Work request: Every record, from first to last, should be written out again exactly.

Provided material:
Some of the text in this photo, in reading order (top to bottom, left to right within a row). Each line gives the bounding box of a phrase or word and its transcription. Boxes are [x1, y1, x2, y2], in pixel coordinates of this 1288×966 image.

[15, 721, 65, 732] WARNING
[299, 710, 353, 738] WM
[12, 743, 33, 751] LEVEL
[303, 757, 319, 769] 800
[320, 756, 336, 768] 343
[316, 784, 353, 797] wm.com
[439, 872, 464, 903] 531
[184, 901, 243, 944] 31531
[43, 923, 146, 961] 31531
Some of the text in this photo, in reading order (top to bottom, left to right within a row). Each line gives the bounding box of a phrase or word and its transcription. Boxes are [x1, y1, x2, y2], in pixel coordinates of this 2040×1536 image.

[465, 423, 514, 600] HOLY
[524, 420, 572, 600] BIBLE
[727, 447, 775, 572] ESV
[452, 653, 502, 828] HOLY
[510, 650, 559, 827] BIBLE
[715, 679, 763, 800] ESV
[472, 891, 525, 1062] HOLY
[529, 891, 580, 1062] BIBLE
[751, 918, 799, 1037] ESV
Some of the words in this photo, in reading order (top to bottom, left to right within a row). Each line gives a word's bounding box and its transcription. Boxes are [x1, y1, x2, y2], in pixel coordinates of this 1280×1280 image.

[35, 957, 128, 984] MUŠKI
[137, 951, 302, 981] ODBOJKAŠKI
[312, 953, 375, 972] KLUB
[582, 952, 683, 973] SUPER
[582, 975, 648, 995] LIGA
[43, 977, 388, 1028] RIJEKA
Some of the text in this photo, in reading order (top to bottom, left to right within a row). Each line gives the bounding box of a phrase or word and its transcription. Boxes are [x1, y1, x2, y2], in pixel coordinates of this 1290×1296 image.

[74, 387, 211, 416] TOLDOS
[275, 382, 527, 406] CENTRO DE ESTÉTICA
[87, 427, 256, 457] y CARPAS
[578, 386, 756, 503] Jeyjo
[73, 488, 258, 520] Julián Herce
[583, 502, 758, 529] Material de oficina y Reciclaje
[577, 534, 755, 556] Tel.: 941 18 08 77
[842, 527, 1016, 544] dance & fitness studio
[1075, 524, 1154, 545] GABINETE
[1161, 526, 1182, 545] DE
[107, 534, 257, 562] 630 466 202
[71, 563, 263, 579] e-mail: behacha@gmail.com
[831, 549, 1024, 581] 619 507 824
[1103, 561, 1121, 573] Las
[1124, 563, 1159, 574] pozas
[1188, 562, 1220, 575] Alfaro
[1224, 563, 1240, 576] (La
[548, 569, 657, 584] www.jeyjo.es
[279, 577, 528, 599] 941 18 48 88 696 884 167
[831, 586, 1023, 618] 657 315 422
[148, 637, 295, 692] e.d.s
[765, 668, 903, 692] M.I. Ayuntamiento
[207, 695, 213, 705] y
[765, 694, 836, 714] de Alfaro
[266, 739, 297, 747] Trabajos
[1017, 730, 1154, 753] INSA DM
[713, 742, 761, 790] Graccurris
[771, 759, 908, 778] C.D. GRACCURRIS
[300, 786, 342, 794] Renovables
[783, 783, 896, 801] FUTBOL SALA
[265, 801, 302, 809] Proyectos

Solution for this problem:
Some of the text in this photo, in reading order (top to bottom, left to right within a row). Each line gives the bounding box of a phrase or word and its transcription. Boxes are [x1, y1, x2, y2], in pixel coordinates of this 1288×966 image.

[15, 721, 65, 732] WARNING
[299, 710, 353, 738] WM
[12, 743, 33, 751] LEVEL
[303, 757, 319, 769] 800
[320, 756, 336, 768] 343
[316, 784, 353, 797] wm.com
[439, 872, 464, 903] 531
[184, 901, 243, 944] 31531
[43, 923, 146, 961] 31531
Some of the text in this photo, in reading order (top to bottom, left to right within a row). Each line gives the bounding box of a phrase or word and its transcription. Boxes are [x1, y1, x2, y2], in pixel coordinates of this 2040×1536 image.

[465, 423, 514, 600] HOLY
[524, 420, 572, 600] BIBLE
[727, 447, 775, 572] ESV
[452, 653, 502, 828] HOLY
[510, 650, 559, 827] BIBLE
[715, 679, 763, 800] ESV
[472, 891, 525, 1062] HOLY
[529, 891, 580, 1062] BIBLE
[751, 918, 799, 1037] ESV
Some of the words in this photo, in reading order (top to bottom, left to right within a row). Each line gives a word's bounding box and its transcription. Boxes are [x1, y1, x2, y2], in pixel coordinates of this 1280×1280 image.

[35, 957, 128, 984] MUŠKI
[137, 951, 302, 981] ODBOJKAŠKI
[312, 953, 375, 972] KLUB
[582, 952, 683, 973] SUPER
[582, 975, 648, 995] LIGA
[43, 977, 388, 1028] RIJEKA
Some of the text in this photo, in reading order (top to bottom, left to right within a row). Each line gives the bounding box of a phrase or word and its transcription. Boxes are [x1, y1, x2, y2], in pixel coordinates of this 1290×1296 image.

[74, 387, 211, 416] TOLDOS
[275, 382, 527, 406] CENTRO DE ESTÉTICA
[87, 427, 256, 457] y CARPAS
[578, 386, 756, 503] Jeyjo
[73, 488, 258, 520] Julián Herce
[583, 502, 758, 529] Material de oficina y Reciclaje
[577, 534, 755, 556] Tel.: 941 18 08 77
[842, 527, 1016, 544] dance & fitness studio
[1075, 524, 1154, 545] GABINETE
[1161, 526, 1182, 545] DE
[107, 534, 257, 562] 630 466 202
[71, 563, 263, 579] e-mail: behacha@gmail.com
[831, 549, 1024, 581] 619 507 824
[1103, 561, 1121, 573] Las
[1124, 563, 1159, 574] pozas
[1188, 562, 1220, 575] Alfaro
[1224, 563, 1240, 576] (La
[548, 569, 657, 584] www.jeyjo.es
[279, 577, 528, 599] 941 18 48 88 696 884 167
[831, 586, 1023, 618] 657 315 422
[148, 637, 295, 692] e.d.s
[765, 668, 903, 692] M.I. Ayuntamiento
[207, 695, 213, 705] y
[765, 694, 836, 714] de Alfaro
[266, 739, 297, 747] Trabajos
[1017, 730, 1154, 753] INSA DM
[713, 742, 761, 790] Graccurris
[771, 759, 908, 778] C.D. GRACCURRIS
[300, 786, 342, 794] Renovables
[783, 783, 896, 801] FUTBOL SALA
[265, 801, 302, 809] Proyectos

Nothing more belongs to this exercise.